Intelligence Buying Intelligence

Nnamdi Iregbulem recently wrote about how users overwhelmingly stick with the most expensive and slow closed models (ie Opus 4.6) despite cheaper and faster OSS alternatives. Reading it, I had this nagging feeling: why aren't we using cheaper models? Sonnet 4.6 is right there, faster, almost 2x cheaper, and about as good as Opus 4.5, which we were all obsessed with five minutes ago – not to mention OSS models which are 10x cheaper. It's crazy that I'm always reaching for the slowest and most expensive model!

For me, there's extra cognitive dissonance, because not only do I care (like everyone else) about saving money, but I care especially about being in a flow state, and waiting longer for a maybe-smarter response is the opposite of that. Back when Sonnet 3.5 was the best model, I couldn't wait to get my hands on something as smart as it but 10x or 100x faster and cheaper. Now we have that, yet I never reach for it. Now I daydream of Opus 4.6 at Taalas's 17k tokens-per-second (Opus 4.6 is ~70 tps, so 250x slower), yet I'm realizing that by the time we get there – say in a year or two – will we even want to use it vs Opus 6.6?

Here's my best explanation for why we keep reaching for the most expensive and slow models, even when cheaper and faster ones are available. There are four forces at play that make intelligence a weird thing to buy:

The returns to intelligence are nonlinear.
We don't have good measures of intelligence.
Intelligence is competitive.
You can always turn more capital into more intelligence.

1. The returns to intelligence are nonlinear

There's a new question tripping up most LLMs right now. It's the new "how many r's in strawberry":

The car wash is 50 meters away. Do you walk or drive?

Sonnet 4.6 and ChatGPT 5.2 tell you to walk.

Opus 4.6 is the only model I know of that correctly tells you to drive ("because you'll need the car"). Once you've seen a model make a mistake like that, it's really hard to look it in the eyes and trust it with anything important.

This is because returns to intelligence are spiky and discontinuous. A tiny increase in intelligence can unlock a perspective that simply doesn't exist at the level below it. The losses from insufficient intelligence are basically unbounded: someone who is fundamentally confused in one seemingly small way can end up in the catastrophically wrong place. And the converse is true too. Intelligence builds on itself. One correct insight early on compounds into a totally different trajectory.

Consider Warren Buffett as the poster child for this. He has a few key insights that are basically invisible to most people, but those insights compound into a completely different trajectory. The difference between Buffett and the average investor may be a 0.001% difference in intelligence, but that can lead to massively different outcomes.

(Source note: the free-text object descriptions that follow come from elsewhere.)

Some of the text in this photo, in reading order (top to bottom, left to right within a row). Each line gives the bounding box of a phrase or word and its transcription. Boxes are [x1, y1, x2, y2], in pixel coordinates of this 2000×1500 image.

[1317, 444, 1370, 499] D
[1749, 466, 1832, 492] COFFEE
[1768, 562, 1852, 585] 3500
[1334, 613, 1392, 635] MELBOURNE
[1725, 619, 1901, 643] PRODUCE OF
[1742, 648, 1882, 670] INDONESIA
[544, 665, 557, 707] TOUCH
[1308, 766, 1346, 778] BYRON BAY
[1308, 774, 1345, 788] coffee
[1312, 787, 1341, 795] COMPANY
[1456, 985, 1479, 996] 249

Intelligence isn't about exerting more effort. It's about seeing what's right in front of you more clearly: finding the shortcut, the hidden door, the structural simplification that was invisible a moment ago.

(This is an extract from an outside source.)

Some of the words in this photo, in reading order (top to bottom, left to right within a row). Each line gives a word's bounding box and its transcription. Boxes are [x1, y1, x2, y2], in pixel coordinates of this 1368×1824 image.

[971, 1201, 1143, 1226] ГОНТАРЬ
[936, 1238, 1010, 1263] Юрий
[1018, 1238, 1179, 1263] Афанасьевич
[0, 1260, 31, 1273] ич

It's also about course-correcting as fast as possible when you realize you're on the wrong path. Feedback loops dominate. Learning compounds.

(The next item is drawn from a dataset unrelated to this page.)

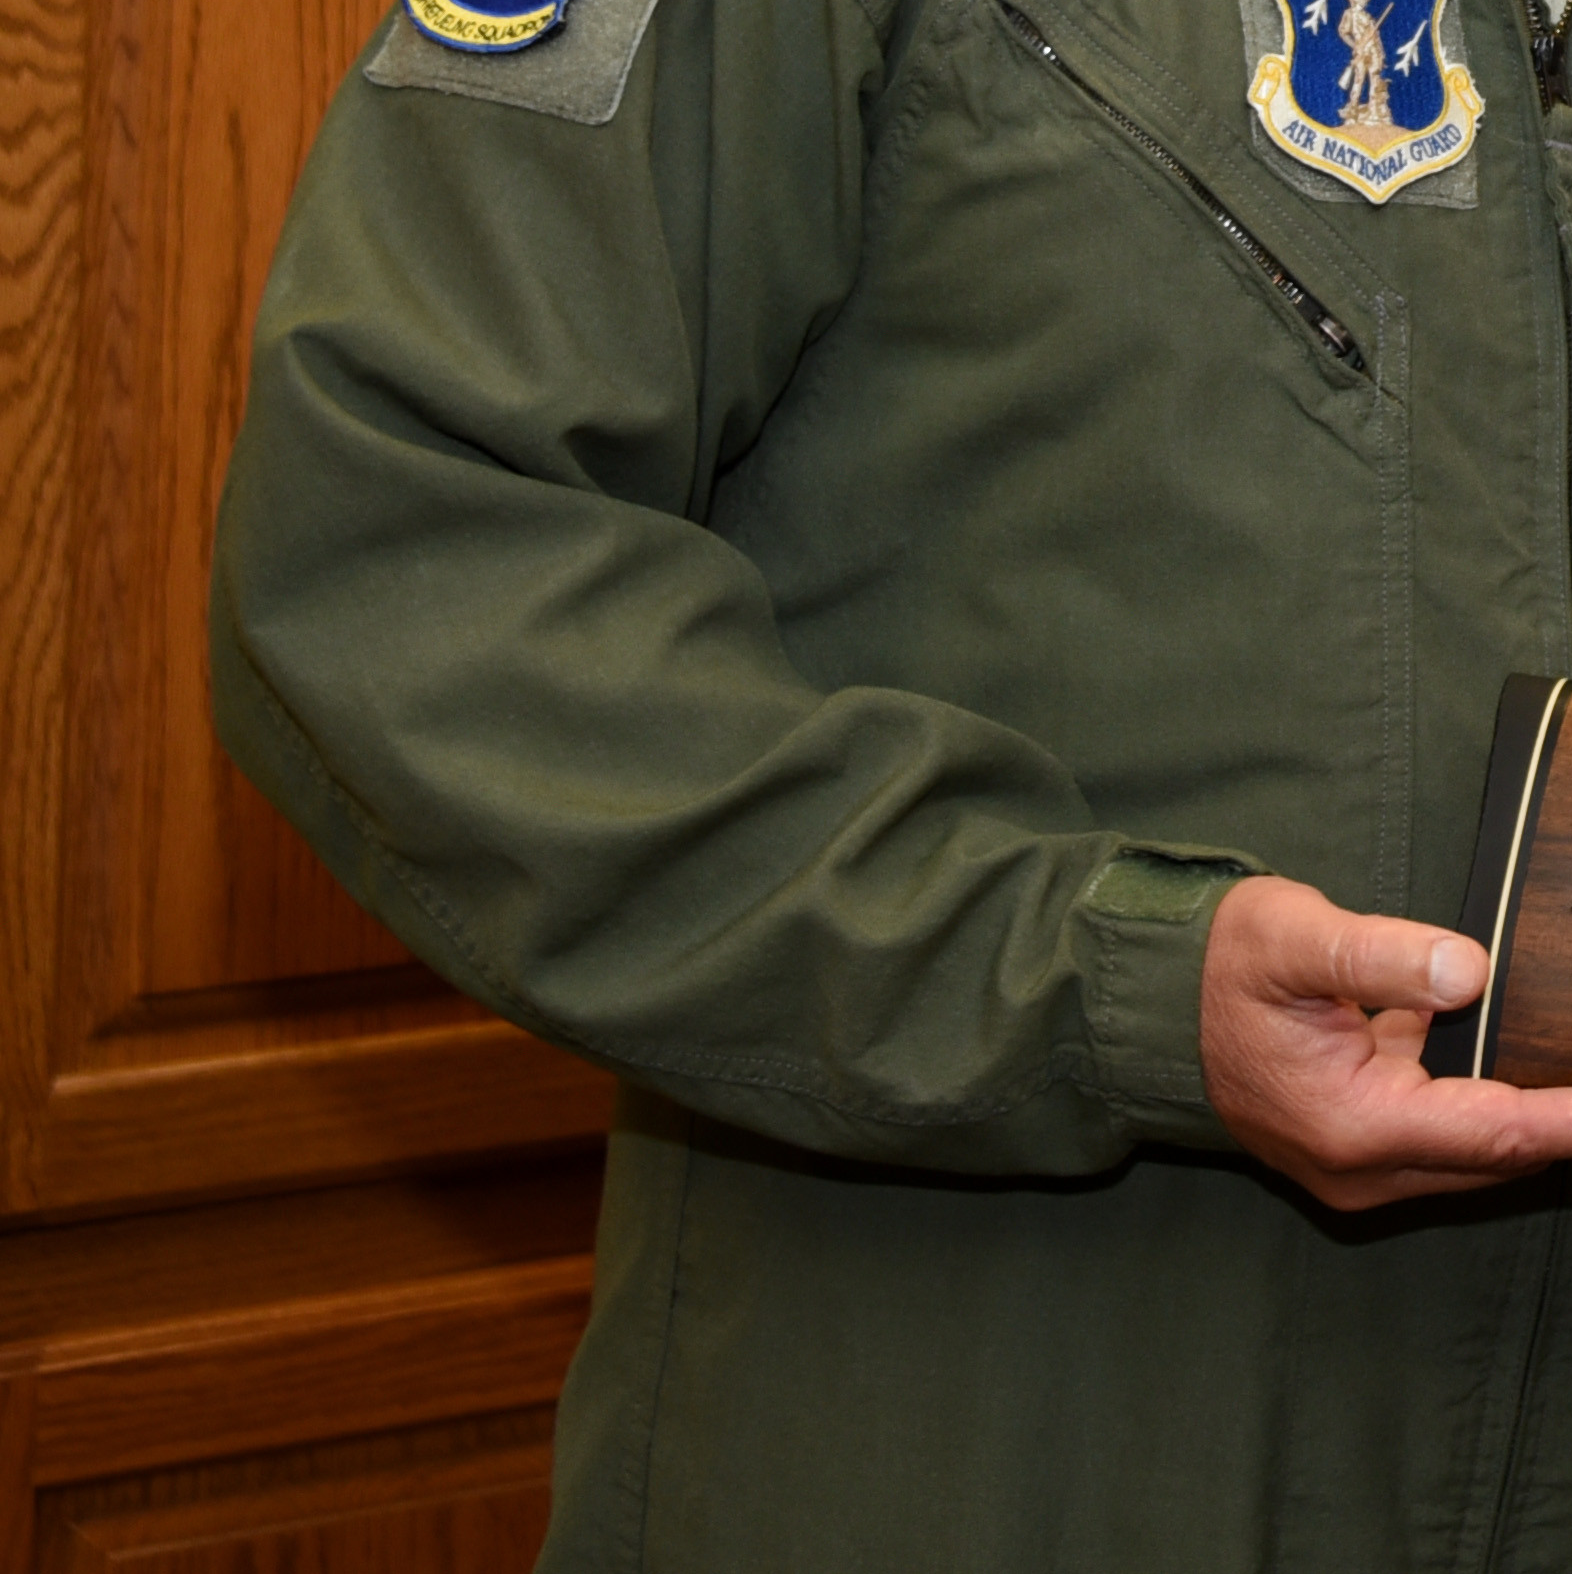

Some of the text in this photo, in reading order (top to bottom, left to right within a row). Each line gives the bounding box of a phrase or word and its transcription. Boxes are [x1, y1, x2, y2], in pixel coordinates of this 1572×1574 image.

[1282, 120, 1462, 185] AIR NATIONAL GUARD

Intelligence might actually be unique in its nonlinearity. In a David Deutsch sense, it's the only process that creates new explanatory knowledge, the creation of which is inherently unpredictable.

2. We don't have good measures of intelligence.

And here's what makes this extra tricky: we don't have good evals.

This is true for human evals too. SAT only goes up to 1600. If you have a room full of 1600s, you'd have future Nobel laureates sitting next to future deadbeats. And many Nobel laureates and future self-made billionaires and generation-defining-artists don't even get 1600s! Our tests literally don't measure the intelligence that matters most.

LLMs keep exceeding our benchmarks, so we keep making harder ones. We're finally taking teaching intelligence and measuring it seriously. Imagine if we did the same with humans: "Oh damn, 40% of kids are getting 1600s these days, gotta make SATs harder!"

Without great evals, we default to vibes, reputation, brand loyalty, and price signals. Which, honestly, is rational when you can't measure what matters.

The best eval I heard about recently is Demis Hassabis's "Einstein test": train an LLM on all human knowledge up to 1911, then see if it can independently discover general relativity. We need more evals like that.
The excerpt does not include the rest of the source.